(Input data)

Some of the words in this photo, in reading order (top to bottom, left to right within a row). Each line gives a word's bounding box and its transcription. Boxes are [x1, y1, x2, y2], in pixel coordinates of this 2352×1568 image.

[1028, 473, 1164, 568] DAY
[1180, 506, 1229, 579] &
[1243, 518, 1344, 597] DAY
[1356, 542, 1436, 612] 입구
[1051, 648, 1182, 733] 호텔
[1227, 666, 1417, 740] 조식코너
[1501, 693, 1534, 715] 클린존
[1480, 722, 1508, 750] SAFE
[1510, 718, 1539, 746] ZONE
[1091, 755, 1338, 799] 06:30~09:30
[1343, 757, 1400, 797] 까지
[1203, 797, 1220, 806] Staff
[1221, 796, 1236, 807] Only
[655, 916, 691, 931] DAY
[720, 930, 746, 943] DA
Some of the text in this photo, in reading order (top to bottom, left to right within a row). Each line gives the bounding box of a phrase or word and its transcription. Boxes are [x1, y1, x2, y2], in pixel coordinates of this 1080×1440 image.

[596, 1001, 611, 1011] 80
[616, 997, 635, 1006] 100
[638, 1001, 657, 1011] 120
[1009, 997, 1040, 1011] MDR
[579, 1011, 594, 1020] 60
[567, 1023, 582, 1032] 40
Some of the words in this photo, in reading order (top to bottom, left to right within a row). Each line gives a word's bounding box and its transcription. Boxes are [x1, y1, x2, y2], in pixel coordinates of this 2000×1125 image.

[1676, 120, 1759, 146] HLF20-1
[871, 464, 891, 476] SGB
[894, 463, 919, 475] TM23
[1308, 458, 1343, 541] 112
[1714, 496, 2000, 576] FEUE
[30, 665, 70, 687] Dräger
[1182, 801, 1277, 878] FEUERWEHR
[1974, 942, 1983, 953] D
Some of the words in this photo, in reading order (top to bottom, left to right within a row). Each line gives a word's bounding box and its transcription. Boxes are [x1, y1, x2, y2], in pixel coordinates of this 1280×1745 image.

(End Input data)

**Your instructions**
Reproduce exactly the final stretch of the listing, starting at the line that contains "Some of the text" and ending with the last line.

**Result of this exercise**
Some of the text in this photo, in reading order (top to bottom, left to right within a row). Each line gives the bounding box of a phrase or word and its transcription. Boxes are [x1, y1, x2, y2], in pixel coordinates of this 1080×1440 image.

[596, 1001, 611, 1011] 80
[616, 997, 635, 1006] 100
[638, 1001, 657, 1011] 120
[1009, 997, 1040, 1011] MDR
[579, 1011, 594, 1020] 60
[567, 1023, 582, 1032] 40
Some of the words in this photo, in reading order (top to bottom, left to right within a row). Each line gives a word's bounding box and its transcription. Boxes are [x1, y1, x2, y2], in pixel coordinates of this 2000×1125 image.

[1676, 120, 1759, 146] HLF20-1
[871, 464, 891, 476] SGB
[894, 463, 919, 475] TM23
[1308, 458, 1343, 541] 112
[1714, 496, 2000, 576] FEUE
[30, 665, 70, 687] Dräger
[1182, 801, 1277, 878] FEUERWEHR
[1974, 942, 1983, 953] D
Some of the words in this photo, in reading order (top to bottom, left to right within a row). Each line gives a word's bounding box and its transcription. Boxes are [x1, y1, x2, y2], in pixel coordinates of this 1280×1745 image.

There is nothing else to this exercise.